Author: Maha Khan Phillips
Investors need to move towards a systems framework for investing which recognises and acknowledges that businesses and portfolios cannot be considered as independent from wider society or the environment, says Marisa Hall
PI: You’ve talked about the need for investors to move towards a systems framework for investing. What would such a framework look like? Does it allow for asset managers to operate with more purpose than they would, otherwise?
Marisa Hall: Free market capitalism has been deemed as one of humanity's greatest inventions and the greatest source of prosperity the world has ever seen. At the same time, its single-minded pursuit of profit has led to widespread social and economic inequality and the looming threat of climate catastrophe. The shock of Covid-19 to the global economy should be seen as an opportunity for investment organisations to simultaneously confront these realities.
Investors need to move towards a systems framework for investing which recognises that our businesses and portfolios cannot be considered as independent from wider society or the environment. They will affect (and be affected by) both of them – for better or for worse. A systems-theory viewpoint starts with the idea that the returns we need can only come from a system that works and the benefits we pay are worth more in a world worth living in. This results in investment policies that directly incorporate ESG and foster the sustainability of investee companies and the system as a whole. In other words, we need to move beyond the shallow mapping of sustainability factors onto investment outcomes to more holistic and reflexive policies that focus on the intentionality of the investor to produce positive real-world outcomes and therefore sustainable investment results. This is what it means to be a purposeful investor.

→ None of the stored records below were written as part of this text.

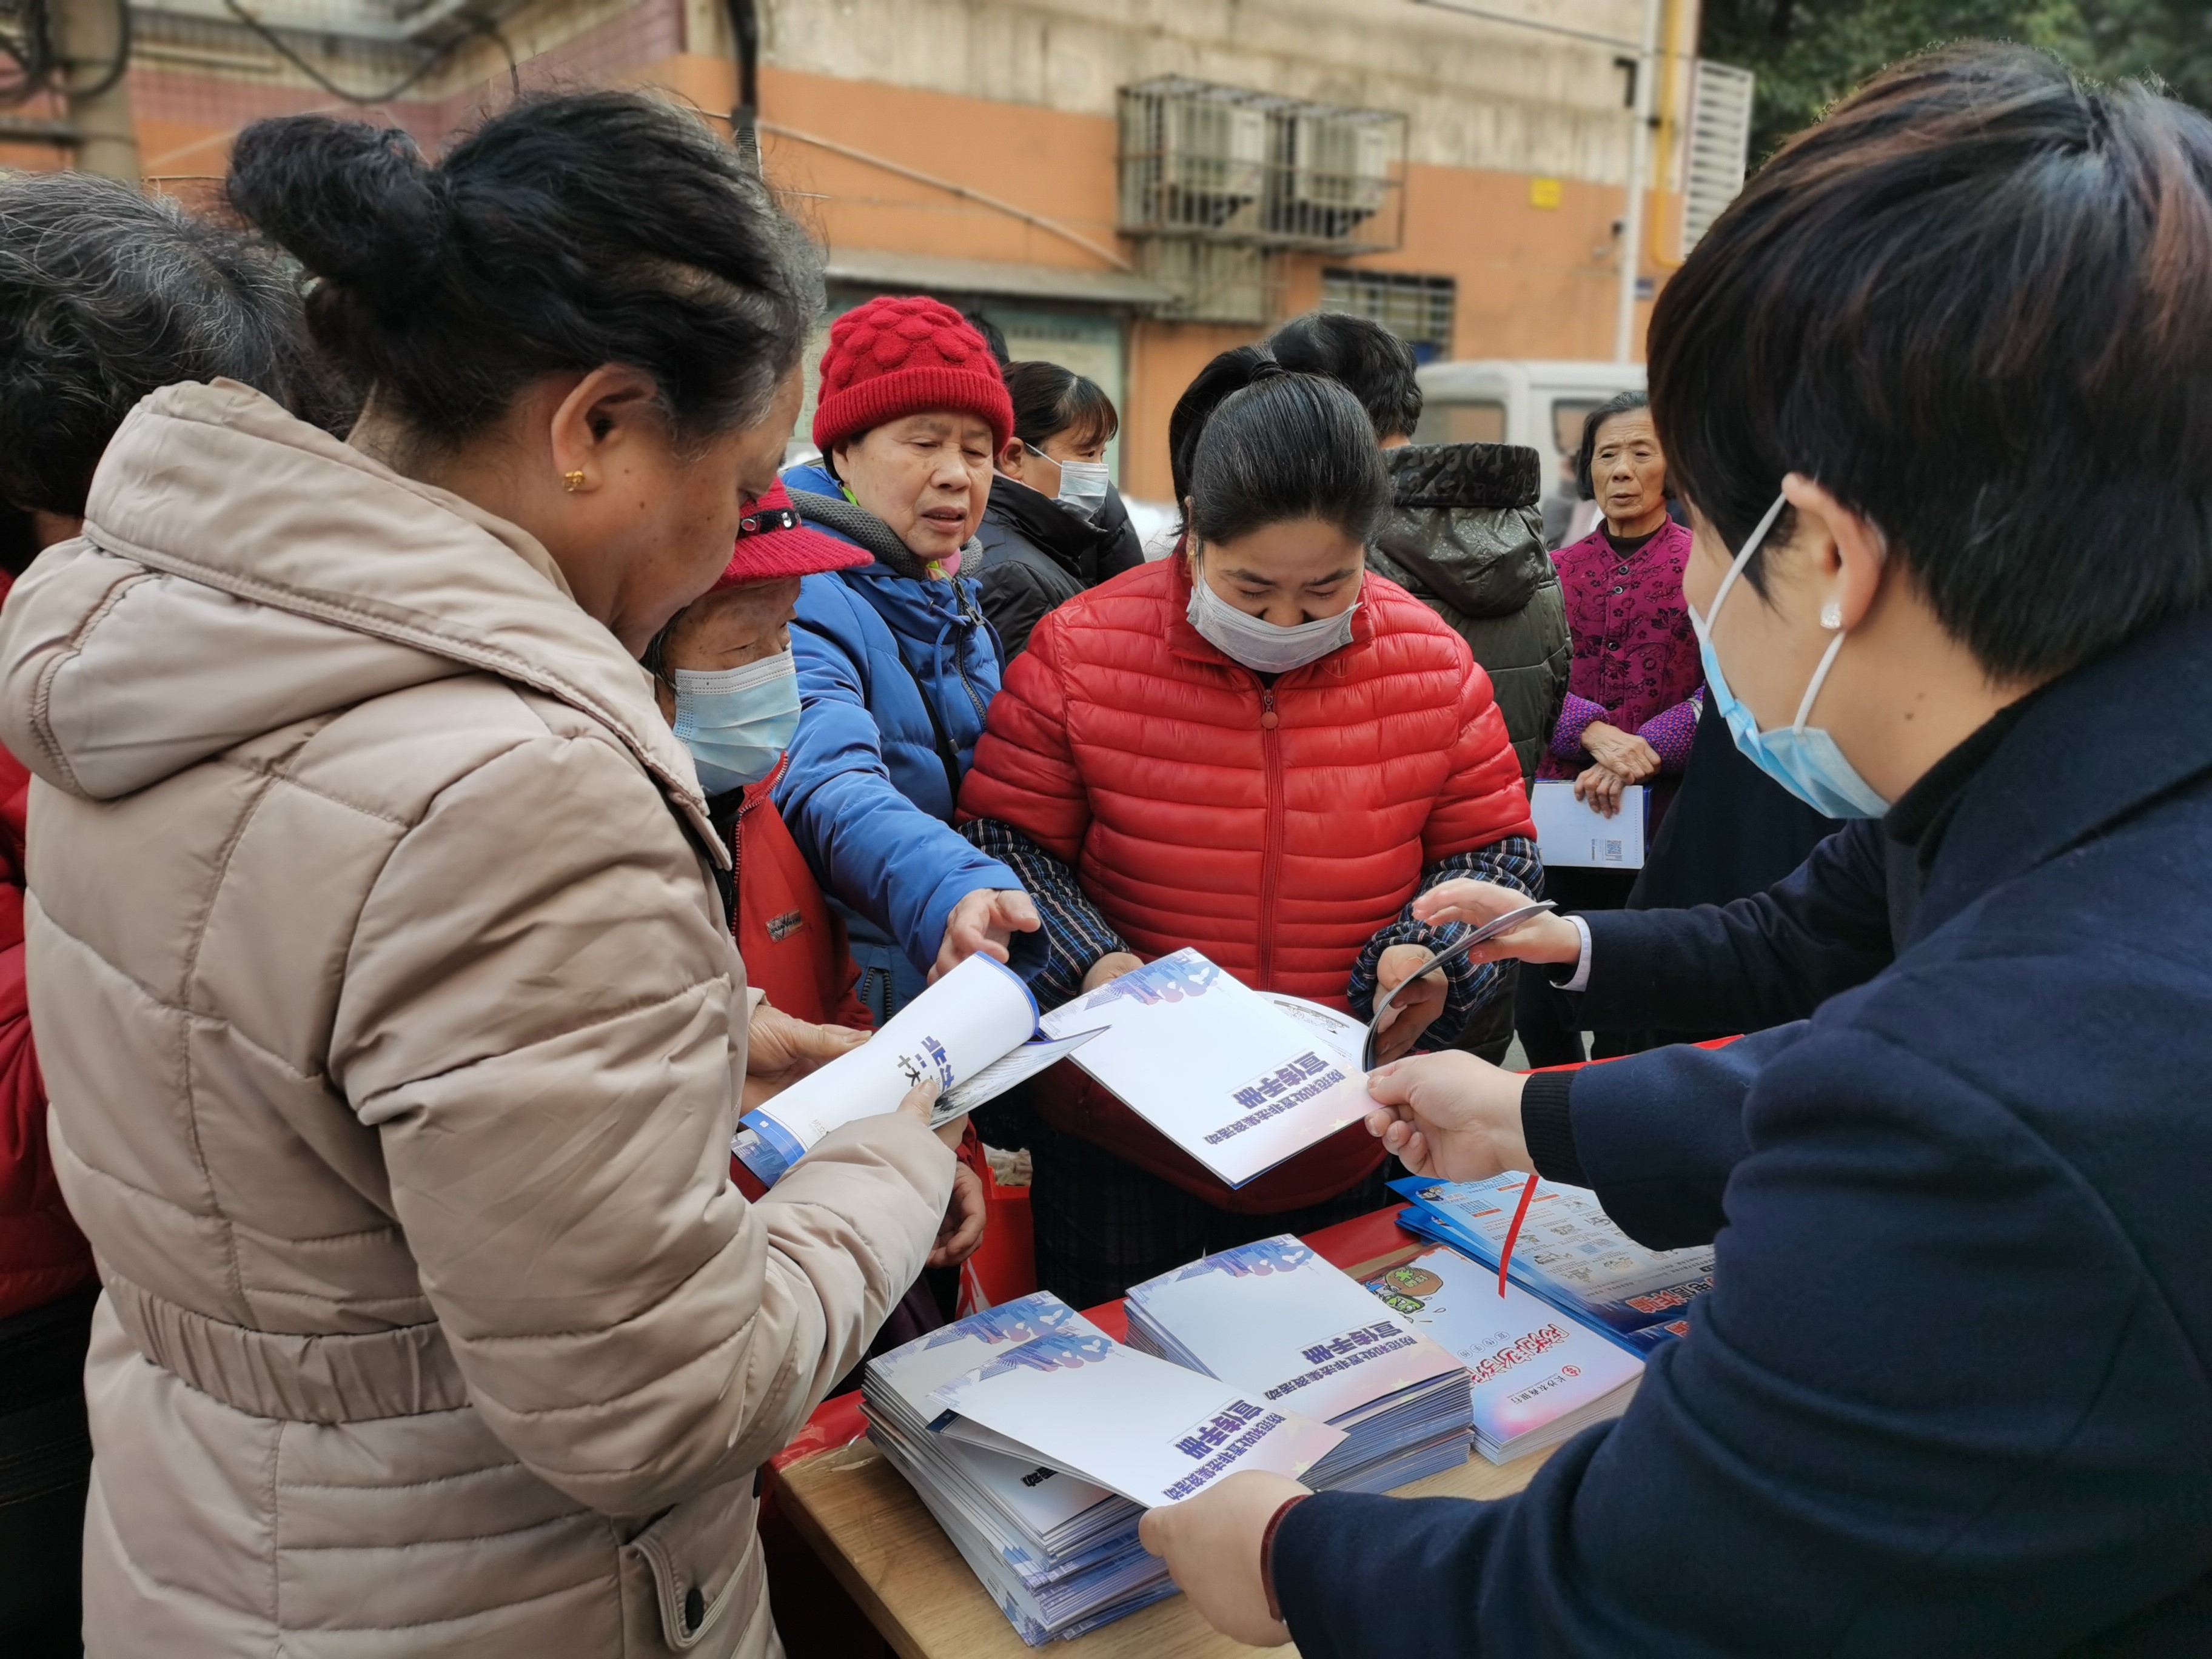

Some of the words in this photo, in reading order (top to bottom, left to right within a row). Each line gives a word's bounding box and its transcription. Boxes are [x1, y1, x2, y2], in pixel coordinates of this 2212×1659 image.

[1202, 1069, 1346, 1145] 防范和处置非法集资活动
[1232, 1051, 1330, 1110] 宣传手册
[1626, 1277, 1714, 1313] 电信诈骗
[1263, 1335, 1418, 1401] 防范和处置非法集资活动
[1301, 1320, 1404, 1365] 宣传手册
[1458, 1332, 1509, 1359] 宣传手册
[1465, 1324, 1570, 1386] 防范电信诈
[1510, 1375, 1566, 1404] 长沙农商银行
[1161, 1412, 1287, 1501] 防范和处置非法集资活动
[1173, 1399, 1265, 1460] 宣传手册

PI: But how can a systems framework be applied to practical investment thinking?
Hall: The key is for investors to not only focus on how sustainability issues affect investment decisions but to also consider how investment decisions affect sustainability and real-world outcomes.

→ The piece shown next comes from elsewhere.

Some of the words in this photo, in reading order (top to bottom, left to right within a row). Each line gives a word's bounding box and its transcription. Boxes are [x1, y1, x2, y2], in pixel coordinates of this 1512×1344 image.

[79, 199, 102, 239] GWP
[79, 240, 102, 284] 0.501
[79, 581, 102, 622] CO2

Moving towards a systems framework for investing not only means that stewardship of existing assets really matters, but it also means that our provision of new capital needs to be directed towards investments that support a sustainable future and achieve positive real world impacts. The crisis is another reminder that this reallocation of capital may be required sooner than we previously thought. It also reminds us that exclusions alone are not enough. Most sustainable investing funds either exclude firms operating in harmful industries or focus on companies that have in the past performed well on ESG performance metrics. This means that the majority of the 30 billion dollars deployed in sustainability investing today is invested in ways that promise only modest and perhaps even negligible investor impact. Companies can and do change over time and investors can help trigger or accelerate that change.
PI: Will this be a significant paradigm shift for investors? How can we move the discussion beyond the abstract?

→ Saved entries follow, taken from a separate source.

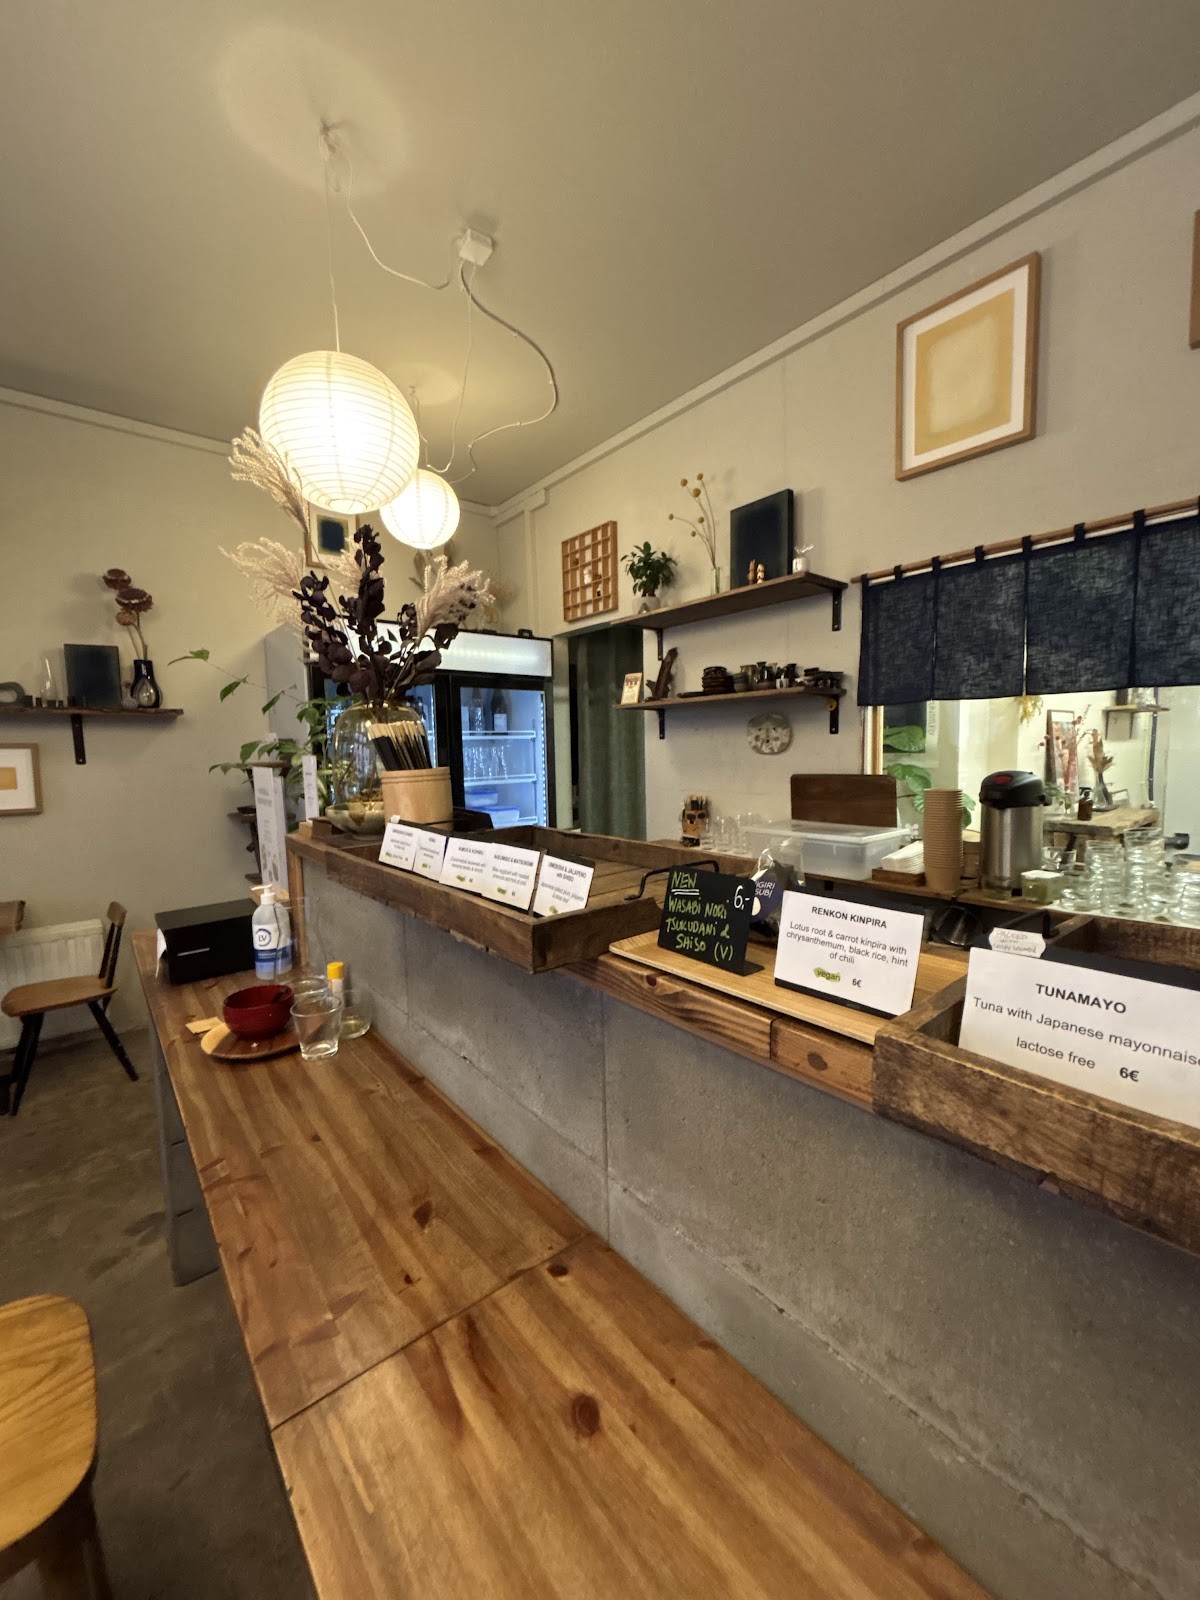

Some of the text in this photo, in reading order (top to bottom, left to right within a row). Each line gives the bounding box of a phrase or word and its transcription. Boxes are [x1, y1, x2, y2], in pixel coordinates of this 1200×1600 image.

[671, 871, 698, 889] NEW
[811, 906, 887, 929] RENKON KINPIRA
[258, 934, 267, 942] LV
[786, 931, 908, 968] chrysanthemum, black rice, hint
[790, 921, 907, 956] Lotus root & carrot kinpira with
[829, 951, 855, 965] of chili
[816, 968, 862, 989] vegan 6€
[1035, 983, 1127, 1015] TUNAMAYO
[973, 996, 1003, 1014] Tuna
[1007, 1006, 1033, 1022] with
[1036, 1013, 1104, 1041] Japanese
[1016, 1036, 1140, 1083] lactose free 6€

Hall: Large asset owners have a unique role to play in influencing systemic issues. Universal owners are very large, long-term, leadership-minded organisations which, because of their size, hold a slice of the whole economy and market through their portfolios. These asset owners are exposed to global challenges and opportunities to influence outcomes lie in integrated management of the market exposure of the investment return. Universal owners provide a natural base of investors who can understand and manage systemic risk through their investment strategy. But they are also well placed to play a more influential role in safeguarding the financial system and contributing positively to big societal issues. In other words, they can 'do well while doing good'. These asset owners are deliberate in aiming for impact (‘intentionality’) through their ability to produce positive system effects (‘additionality’).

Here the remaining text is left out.